Es ist 23.02 Uhr: Sie streicht ihre naturroten Haare aus der Stirn, die ihr der kühle Wind ins Gesicht geweht hat. Irgendwie bereut sie diese Typveränderung, die sie sich eingebildet hat, jetzt, wo sie endlich über Steve hinweg ist… Arschloch-Steve. Natürlich muss jede Frau nach einer Trennung eine optische Veränderung vornehmen, keine Frage, und was eignet sich dafür besser als eine neue Frisur? Was ihre Freunde und Kollegen als „keck“ bezeichnen, findet sie einfach nur unpraktisch, ihre langen Haare konnte sie problemlos zu einem Pferdeschwanz hochbinden, während sie jetzt die Strähnen ihres „kecken“ Bobs andauernd aus ihrem Gesicht fernzuhalten versucht. Kurz hat sie sogar überlegt, ob sie kleine Spängchen zur Hilfe nehmen soll, aber dann ist sie draufgekommen, dass sie ja keine zwölf mehr ist. Der Nette-Mädchen-Look ist nicht so ihr Fall. Also pusten und wischen.

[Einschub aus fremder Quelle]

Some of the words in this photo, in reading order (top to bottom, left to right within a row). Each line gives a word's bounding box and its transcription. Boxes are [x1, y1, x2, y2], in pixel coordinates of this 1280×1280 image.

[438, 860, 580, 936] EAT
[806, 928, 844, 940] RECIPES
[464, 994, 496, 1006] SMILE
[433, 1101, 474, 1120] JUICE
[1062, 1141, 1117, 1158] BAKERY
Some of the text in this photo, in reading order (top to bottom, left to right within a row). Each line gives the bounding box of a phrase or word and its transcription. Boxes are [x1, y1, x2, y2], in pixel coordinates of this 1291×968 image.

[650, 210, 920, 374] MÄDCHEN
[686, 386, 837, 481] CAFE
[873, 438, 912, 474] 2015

Als sie und ihre Kollegen am Tatort ankommen, schreckt sie bereits vor der Haustür zusammen. Auf der Türklingel steht der Nachname eines Kollegen, der heute keinen Dienst hat.

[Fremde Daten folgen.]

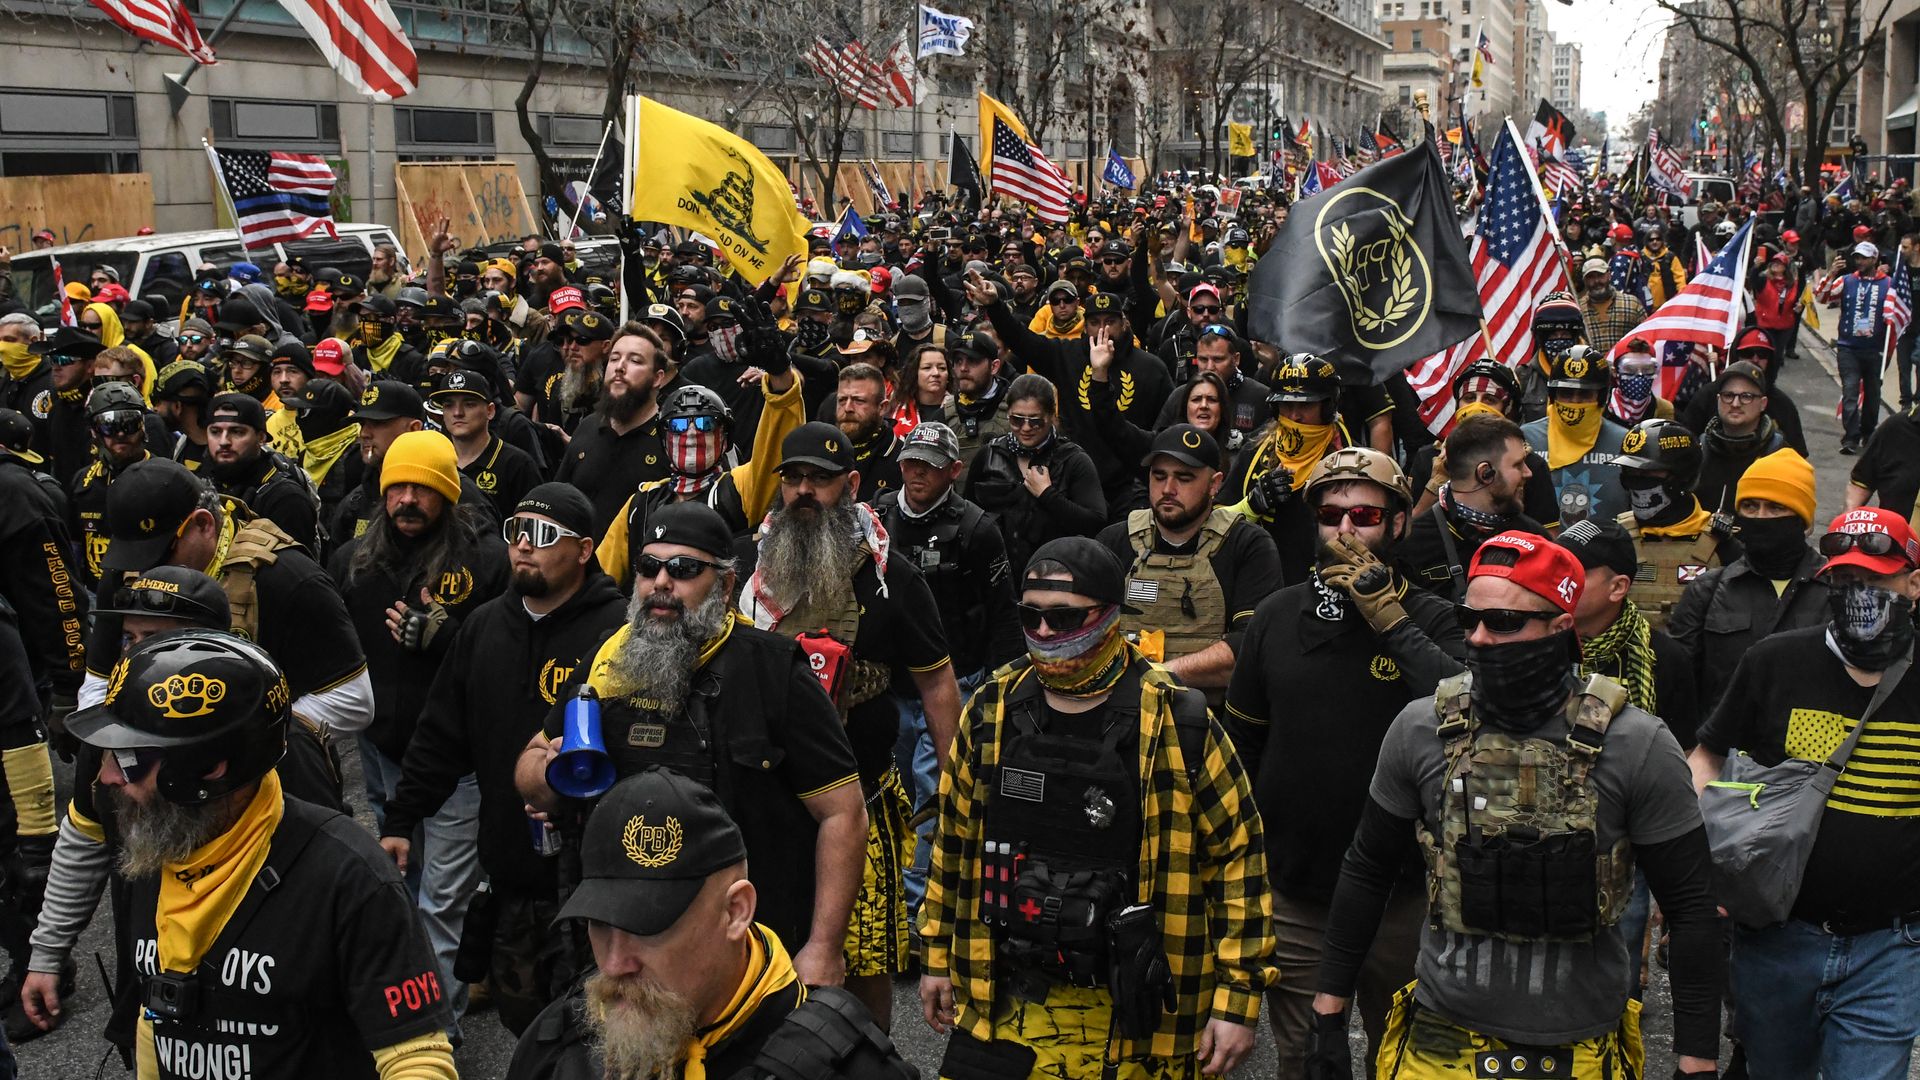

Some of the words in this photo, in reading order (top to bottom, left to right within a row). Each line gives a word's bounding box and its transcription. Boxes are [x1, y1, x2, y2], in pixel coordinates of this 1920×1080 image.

Der Anruf kam von einer Nachbarin, einer gewissen Helga Moser, sechsundsiebzig Jahre alt und sichtlich erschüttert.

Sie hätte einen Hilfeschrei gehört, worauf sie sofort die Polizei verständigte und zu Hause ängstlich wartete.

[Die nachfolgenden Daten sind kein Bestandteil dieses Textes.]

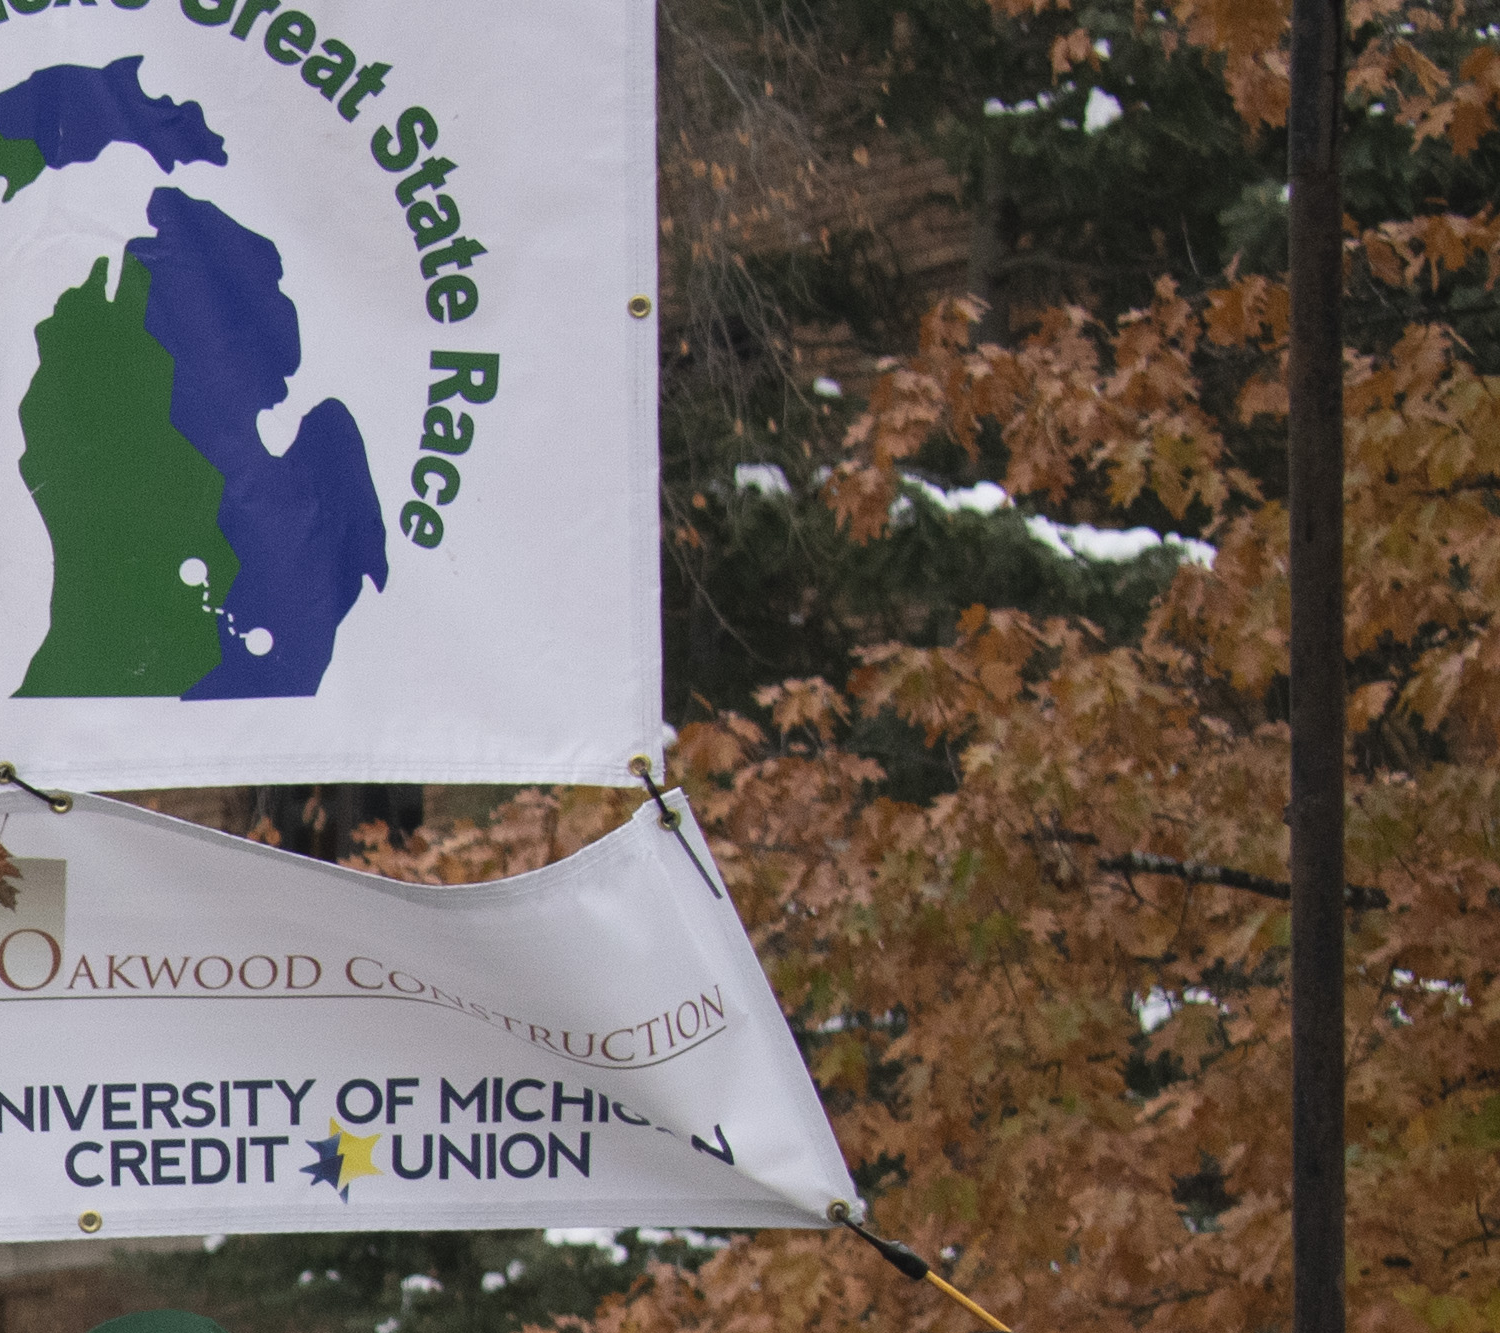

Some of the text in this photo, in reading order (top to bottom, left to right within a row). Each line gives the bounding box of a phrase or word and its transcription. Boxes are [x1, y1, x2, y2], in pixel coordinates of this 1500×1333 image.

[370, 107, 488, 324] State
[400, 350, 500, 550] Race
[345, 956, 727, 1066] CONSTRUCTION
[64, 1131, 591, 1187] CREDIT UNION
[336, 1077, 420, 1125] OF
[440, 1077, 735, 1167] MICHIGN

„Das gab’s noch nie! Auf der ganzen Welt herrscht Chaos, überall werden Menschen getötet! Aber hier? Ich wohne schon mein ganzes Leben lang hier, aber dass jemand lauthals um Hilfe schreit… Ich weiß nicht, was ich davon halten soll. Oh, bitte sagen Sie mir, dass niemand verletzt wurde?“

Im selben Moment kommt der Gerichtsmediziner kopfschüttelnd aus dem Haus und das gesamte Grundstück wird abgesperrt.

„Tut mir leid“, hört Carmen sich selbst sagen, als Frau Moser im gleichen Augenblick zu weinen beginnt. Ihr Kollege Tobias Ortner, der eher das Aussehen eines Baywatch-Darstellers und nicht das eines Polizisten hat, ist so freundlich und kümmert sich um die alte Dame, während sie und ihr Kollege Bernd Plank sich einen Weg zwischen den Leuten der Spurensicherung bahnen.

Die zwei Leichen im Erdgeschoss des Einfamilienhauses sind hässliche, blutüberströmte Schandflecke, die irgendwie fehl am Platz zu sein scheinen. Aber weder sie noch ihre Kollegen kennen die beiden, vielleicht sind es also gar keine Verwandten von Sebastian? Obwohl sich Carmen eingestehen muss, keinen seiner Verwandten beim Namen zu kennen, beziehungsweise jemals gesehen zu haben.

„Was kannst du uns über sie sagen?“, fragt sie den Gerichtsmediziner Jörg Pomanski nun, als sie zusammen die Küche betreten.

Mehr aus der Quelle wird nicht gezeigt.